返済できなくなる前に金融機関に相談すればいい

下がらない理由をもう1つダメ押ししておこう。金融庁のホームページに「貸付条件の変更等の状況について」という資料がある。これは、中小企業がローンの返済に困った場合に、現在返済中の借入金の返済方法を、借入者の状況に合わせて一時的に緩やかなものに変更することだ。支払いのリスケ、軽減、減免などを指す。コロナ以降、175万件あまりの申し込みに98.8%が応じている。

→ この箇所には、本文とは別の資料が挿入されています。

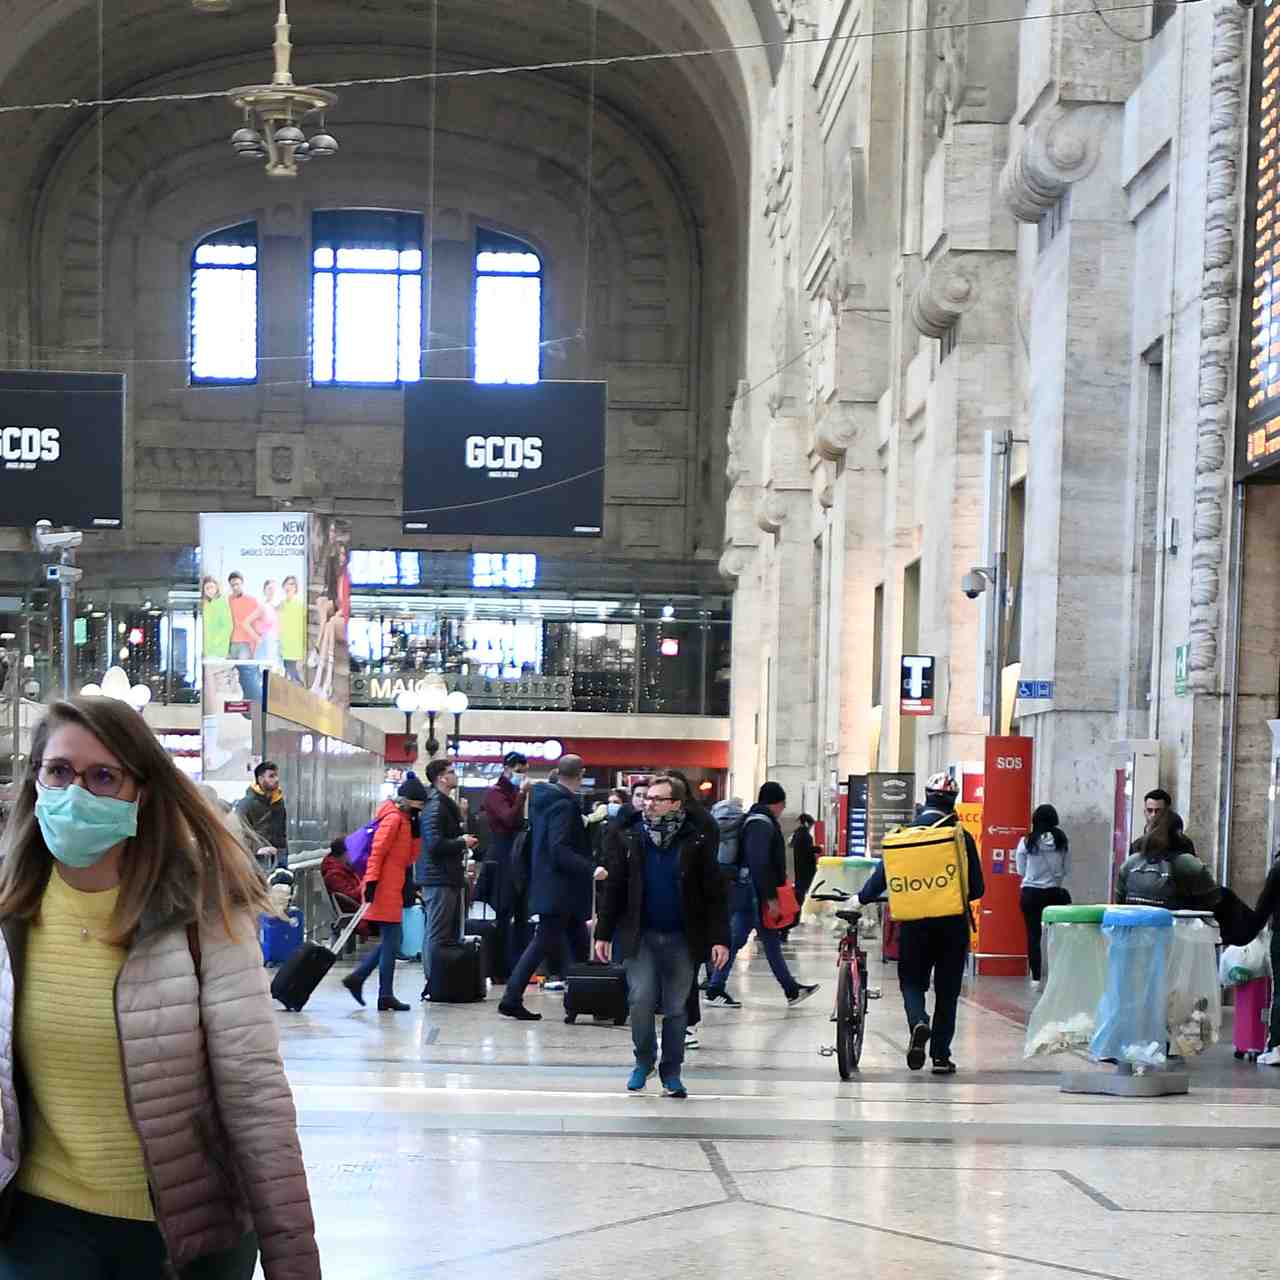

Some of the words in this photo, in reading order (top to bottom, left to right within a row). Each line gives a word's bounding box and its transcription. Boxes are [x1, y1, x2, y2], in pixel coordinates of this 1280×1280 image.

[465, 436, 543, 469] GCDS
[282, 520, 305, 533] NEW
[996, 756, 1023, 769] SOS
[889, 874, 949, 893] Glovo
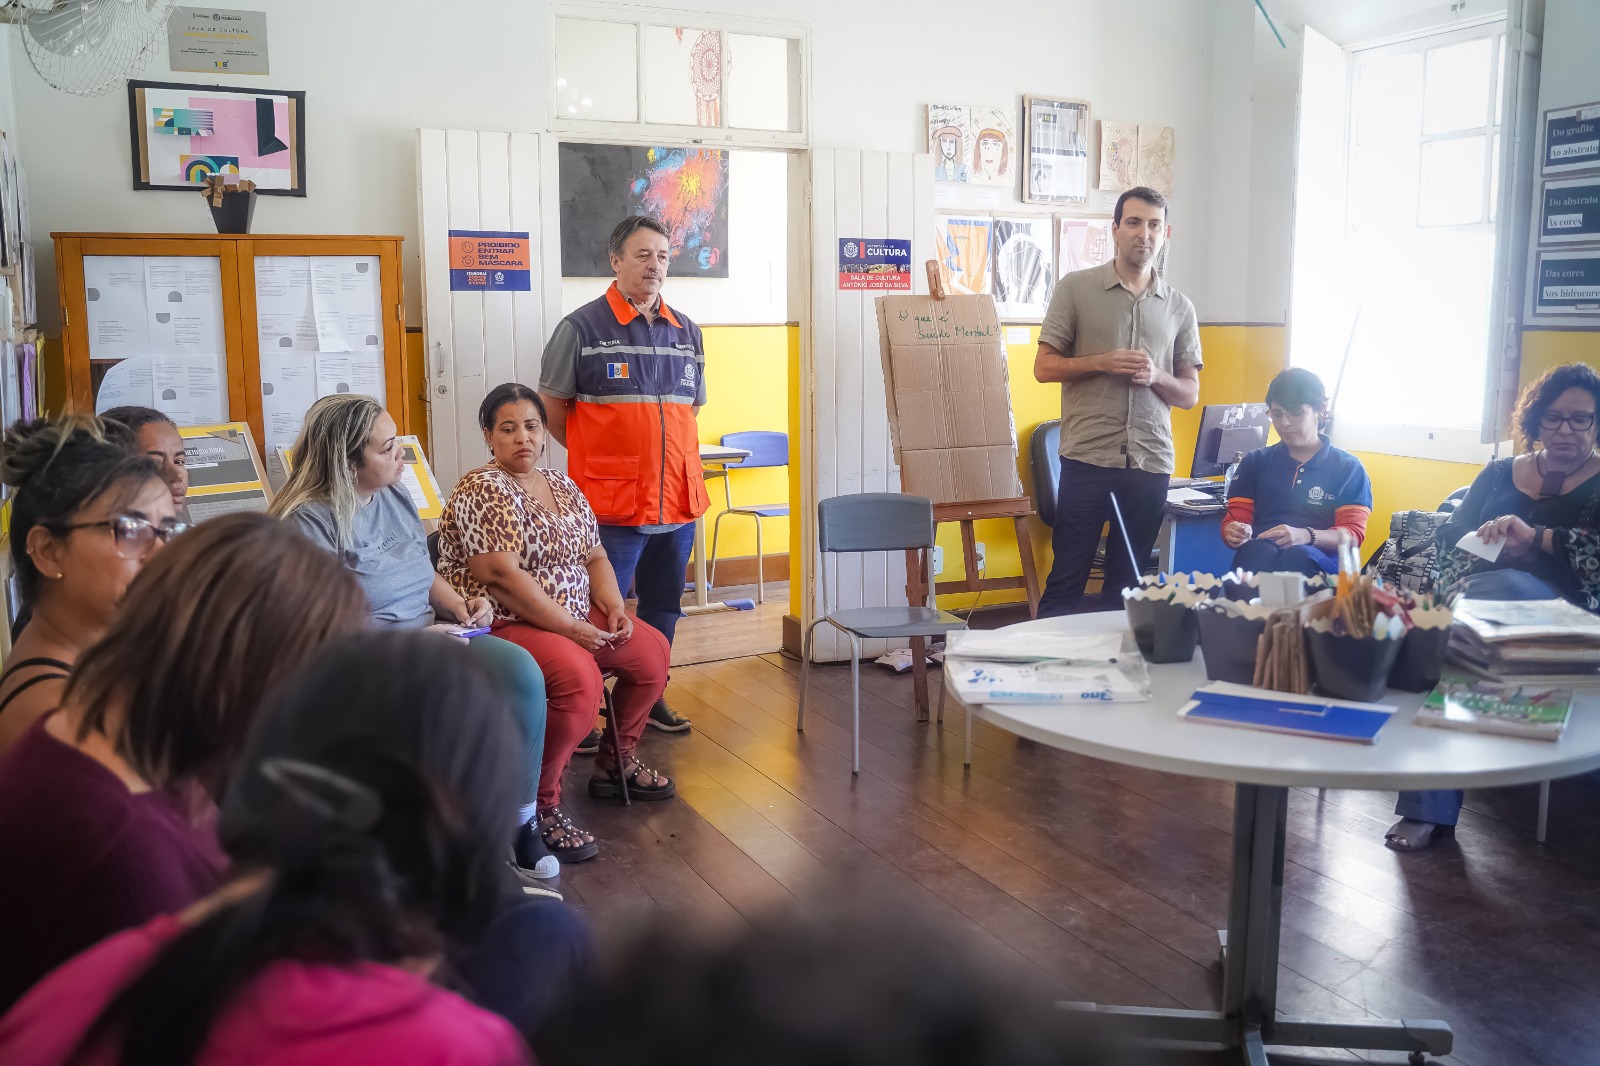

つまり、返済できなくなる前に金融機関に相談すれば、ほぼすべて応じてもらえるのだ。同様に、住宅ローンも約10万件の申し込みに96.3%が応じている。これは、1998年の金融ビッグバンの際に不良債権処理に追われ、山一証券と北海道拓殖銀行が破綻したが、銀行が貸しはがしをした結果、自殺者数が前年から8472人増加して3万2863人となったことを受けての通称「モラトリアム法」(正式には「中小企業金融円滑化法」)の名残である。

日本では需給バランスで不動産価格が暴落することは起きたこともないし、今後も起きないだろう。もし、起きるなら、金融庁が不動産事業者に対して引き締めを行うときだけだ。そうなると、金融庁がいつ動くかが事前にわかれば下げ始める前に逃げ切れる(売却できる)ことになる。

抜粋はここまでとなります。